BEGIN
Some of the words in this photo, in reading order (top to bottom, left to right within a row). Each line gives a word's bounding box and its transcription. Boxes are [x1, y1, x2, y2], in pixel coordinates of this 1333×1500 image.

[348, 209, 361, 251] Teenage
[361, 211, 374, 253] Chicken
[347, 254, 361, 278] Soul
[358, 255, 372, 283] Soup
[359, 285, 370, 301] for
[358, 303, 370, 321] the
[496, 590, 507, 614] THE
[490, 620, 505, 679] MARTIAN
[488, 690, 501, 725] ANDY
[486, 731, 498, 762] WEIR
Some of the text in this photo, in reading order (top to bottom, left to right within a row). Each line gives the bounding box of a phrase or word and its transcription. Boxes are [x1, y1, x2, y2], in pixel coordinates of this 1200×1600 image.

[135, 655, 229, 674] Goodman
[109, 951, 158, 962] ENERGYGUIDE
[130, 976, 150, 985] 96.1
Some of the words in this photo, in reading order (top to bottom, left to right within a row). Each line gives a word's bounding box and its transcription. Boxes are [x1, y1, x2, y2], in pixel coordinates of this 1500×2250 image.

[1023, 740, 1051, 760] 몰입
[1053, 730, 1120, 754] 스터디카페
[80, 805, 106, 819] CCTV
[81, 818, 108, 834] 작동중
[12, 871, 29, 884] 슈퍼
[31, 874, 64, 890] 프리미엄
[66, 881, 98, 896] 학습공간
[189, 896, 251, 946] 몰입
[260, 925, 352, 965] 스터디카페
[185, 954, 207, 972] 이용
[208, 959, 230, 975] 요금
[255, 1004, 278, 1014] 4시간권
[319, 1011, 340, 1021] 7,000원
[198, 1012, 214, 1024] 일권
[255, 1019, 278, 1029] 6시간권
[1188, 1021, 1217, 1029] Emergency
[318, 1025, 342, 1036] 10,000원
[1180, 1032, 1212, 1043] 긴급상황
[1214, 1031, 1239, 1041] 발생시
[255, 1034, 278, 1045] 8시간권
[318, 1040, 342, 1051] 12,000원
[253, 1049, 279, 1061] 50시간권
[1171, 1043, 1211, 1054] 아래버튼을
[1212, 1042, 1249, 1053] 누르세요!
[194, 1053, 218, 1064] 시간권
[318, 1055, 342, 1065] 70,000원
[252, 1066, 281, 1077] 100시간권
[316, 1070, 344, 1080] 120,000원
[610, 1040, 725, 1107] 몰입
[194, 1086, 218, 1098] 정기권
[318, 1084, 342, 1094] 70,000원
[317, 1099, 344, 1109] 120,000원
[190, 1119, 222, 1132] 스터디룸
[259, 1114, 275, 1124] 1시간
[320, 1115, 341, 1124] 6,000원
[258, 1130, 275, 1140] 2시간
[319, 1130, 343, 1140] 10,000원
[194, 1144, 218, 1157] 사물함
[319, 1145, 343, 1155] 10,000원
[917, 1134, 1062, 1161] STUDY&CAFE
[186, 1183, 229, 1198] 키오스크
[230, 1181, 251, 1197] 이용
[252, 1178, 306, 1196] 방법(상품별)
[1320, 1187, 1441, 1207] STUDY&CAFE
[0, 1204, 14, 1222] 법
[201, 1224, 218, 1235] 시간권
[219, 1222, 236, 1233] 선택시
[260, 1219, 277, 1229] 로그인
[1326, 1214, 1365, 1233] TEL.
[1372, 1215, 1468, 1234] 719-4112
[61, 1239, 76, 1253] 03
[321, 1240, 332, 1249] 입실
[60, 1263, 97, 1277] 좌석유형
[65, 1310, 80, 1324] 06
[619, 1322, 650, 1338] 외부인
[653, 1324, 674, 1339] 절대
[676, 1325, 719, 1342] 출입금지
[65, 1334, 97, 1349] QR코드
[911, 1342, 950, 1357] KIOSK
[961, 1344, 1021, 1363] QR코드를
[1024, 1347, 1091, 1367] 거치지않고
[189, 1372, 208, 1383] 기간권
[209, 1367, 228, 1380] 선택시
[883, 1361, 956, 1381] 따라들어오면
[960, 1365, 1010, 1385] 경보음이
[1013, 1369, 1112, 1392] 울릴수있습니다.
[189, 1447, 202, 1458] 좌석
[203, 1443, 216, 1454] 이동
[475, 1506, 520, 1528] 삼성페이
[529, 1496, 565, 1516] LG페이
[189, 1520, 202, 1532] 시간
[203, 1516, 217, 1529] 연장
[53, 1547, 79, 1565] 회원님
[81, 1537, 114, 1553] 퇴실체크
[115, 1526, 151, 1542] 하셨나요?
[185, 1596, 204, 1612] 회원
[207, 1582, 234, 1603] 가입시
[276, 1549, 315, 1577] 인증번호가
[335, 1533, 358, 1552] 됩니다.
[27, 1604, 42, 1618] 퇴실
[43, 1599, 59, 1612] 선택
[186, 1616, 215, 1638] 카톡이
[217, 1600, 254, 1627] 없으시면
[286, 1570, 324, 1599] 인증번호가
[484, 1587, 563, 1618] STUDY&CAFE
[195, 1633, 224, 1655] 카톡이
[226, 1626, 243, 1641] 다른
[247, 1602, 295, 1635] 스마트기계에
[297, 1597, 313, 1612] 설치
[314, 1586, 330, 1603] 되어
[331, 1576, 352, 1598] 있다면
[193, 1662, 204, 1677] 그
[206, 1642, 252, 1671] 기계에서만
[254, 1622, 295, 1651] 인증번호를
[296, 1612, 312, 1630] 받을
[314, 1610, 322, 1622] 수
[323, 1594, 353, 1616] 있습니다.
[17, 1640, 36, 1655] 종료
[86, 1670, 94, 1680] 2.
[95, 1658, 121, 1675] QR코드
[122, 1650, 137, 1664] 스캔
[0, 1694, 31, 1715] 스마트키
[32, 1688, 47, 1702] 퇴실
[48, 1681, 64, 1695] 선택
END
Task objective: Restate the whole of the material exactly.

Problem solution:
Some of the words in this photo, in reading order (top to bottom, left to right within a row). Each line gives a word's bounding box and its transcription. Boxes are [x1, y1, x2, y2], in pixel coordinates of this 1333×1500 image.

[348, 209, 361, 251] Teenage
[361, 211, 374, 253] Chicken
[347, 254, 361, 278] Soul
[358, 255, 372, 283] Soup
[359, 285, 370, 301] for
[358, 303, 370, 321] the
[496, 590, 507, 614] THE
[490, 620, 505, 679] MARTIAN
[488, 690, 501, 725] ANDY
[486, 731, 498, 762] WEIR
Some of the text in this photo, in reading order (top to bottom, left to right within a row). Each line gives the bounding box of a phrase or word and its transcription. Boxes are [x1, y1, x2, y2], in pixel coordinates of this 1200×1600 image.

[135, 655, 229, 674] Goodman
[109, 951, 158, 962] ENERGYGUIDE
[130, 976, 150, 985] 96.1
Some of the words in this photo, in reading order (top to bottom, left to right within a row). Each line gives a word's bounding box and its transcription. Boxes are [x1, y1, x2, y2], in pixel coordinates of this 1500×2250 image.

[1023, 740, 1051, 760] 몰입
[1053, 730, 1120, 754] 스터디카페
[80, 805, 106, 819] CCTV
[81, 818, 108, 834] 작동중
[12, 871, 29, 884] 슈퍼
[31, 874, 64, 890] 프리미엄
[66, 881, 98, 896] 학습공간
[189, 896, 251, 946] 몰입
[260, 925, 352, 965] 스터디카페
[185, 954, 207, 972] 이용
[208, 959, 230, 975] 요금
[255, 1004, 278, 1014] 4시간권
[319, 1011, 340, 1021] 7,000원
[198, 1012, 214, 1024] 일권
[255, 1019, 278, 1029] 6시간권
[1188, 1021, 1217, 1029] Emergency
[318, 1025, 342, 1036] 10,000원
[1180, 1032, 1212, 1043] 긴급상황
[1214, 1031, 1239, 1041] 발생시
[255, 1034, 278, 1045] 8시간권
[318, 1040, 342, 1051] 12,000원
[253, 1049, 279, 1061] 50시간권
[1171, 1043, 1211, 1054] 아래버튼을
[1212, 1042, 1249, 1053] 누르세요!
[194, 1053, 218, 1064] 시간권
[318, 1055, 342, 1065] 70,000원
[252, 1066, 281, 1077] 100시간권
[316, 1070, 344, 1080] 120,000원
[610, 1040, 725, 1107] 몰입
[194, 1086, 218, 1098] 정기권
[318, 1084, 342, 1094] 70,000원
[317, 1099, 344, 1109] 120,000원
[190, 1119, 222, 1132] 스터디룸
[259, 1114, 275, 1124] 1시간
[320, 1115, 341, 1124] 6,000원
[258, 1130, 275, 1140] 2시간
[319, 1130, 343, 1140] 10,000원
[194, 1144, 218, 1157] 사물함
[319, 1145, 343, 1155] 10,000원
[917, 1134, 1062, 1161] STUDY&CAFE
[186, 1183, 229, 1198] 키오스크
[230, 1181, 251, 1197] 이용
[252, 1178, 306, 1196] 방법(상품별)
[1320, 1187, 1441, 1207] STUDY&CAFE
[0, 1204, 14, 1222] 법
[201, 1224, 218, 1235] 시간권
[219, 1222, 236, 1233] 선택시
[260, 1219, 277, 1229] 로그인
[1326, 1214, 1365, 1233] TEL.
[1372, 1215, 1468, 1234] 719-4112
[61, 1239, 76, 1253] 03
[321, 1240, 332, 1249] 입실
[60, 1263, 97, 1277] 좌석유형
[65, 1310, 80, 1324] 06
[619, 1322, 650, 1338] 외부인
[653, 1324, 674, 1339] 절대
[676, 1325, 719, 1342] 출입금지
[65, 1334, 97, 1349] QR코드
[911, 1342, 950, 1357] KIOSK
[961, 1344, 1021, 1363] QR코드를
[1024, 1347, 1091, 1367] 거치지않고
[189, 1372, 208, 1383] 기간권
[209, 1367, 228, 1380] 선택시
[883, 1361, 956, 1381] 따라들어오면
[960, 1365, 1010, 1385] 경보음이
[1013, 1369, 1112, 1392] 울릴수있습니다.
[189, 1447, 202, 1458] 좌석
[203, 1443, 216, 1454] 이동
[475, 1506, 520, 1528] 삼성페이
[529, 1496, 565, 1516] LG페이
[189, 1520, 202, 1532] 시간
[203, 1516, 217, 1529] 연장
[53, 1547, 79, 1565] 회원님
[81, 1537, 114, 1553] 퇴실체크
[115, 1526, 151, 1542] 하셨나요?
[185, 1596, 204, 1612] 회원
[207, 1582, 234, 1603] 가입시
[276, 1549, 315, 1577] 인증번호가
[335, 1533, 358, 1552] 됩니다.
[27, 1604, 42, 1618] 퇴실
[43, 1599, 59, 1612] 선택
[186, 1616, 215, 1638] 카톡이
[217, 1600, 254, 1627] 없으시면
[286, 1570, 324, 1599] 인증번호가
[484, 1587, 563, 1618] STUDY&CAFE
[195, 1633, 224, 1655] 카톡이
[226, 1626, 243, 1641] 다른
[247, 1602, 295, 1635] 스마트기계에
[297, 1597, 313, 1612] 설치
[314, 1586, 330, 1603] 되어
[331, 1576, 352, 1598] 있다면
[193, 1662, 204, 1677] 그
[206, 1642, 252, 1671] 기계에서만
[254, 1622, 295, 1651] 인증번호를
[296, 1612, 312, 1630] 받을
[314, 1610, 322, 1622] 수
[323, 1594, 353, 1616] 있습니다.
[17, 1640, 36, 1655] 종료
[86, 1670, 94, 1680] 2.
[95, 1658, 121, 1675] QR코드
[122, 1650, 137, 1664] 스캔
[0, 1694, 31, 1715] 스마트키
[32, 1688, 47, 1702] 퇴실
[48, 1681, 64, 1695] 선택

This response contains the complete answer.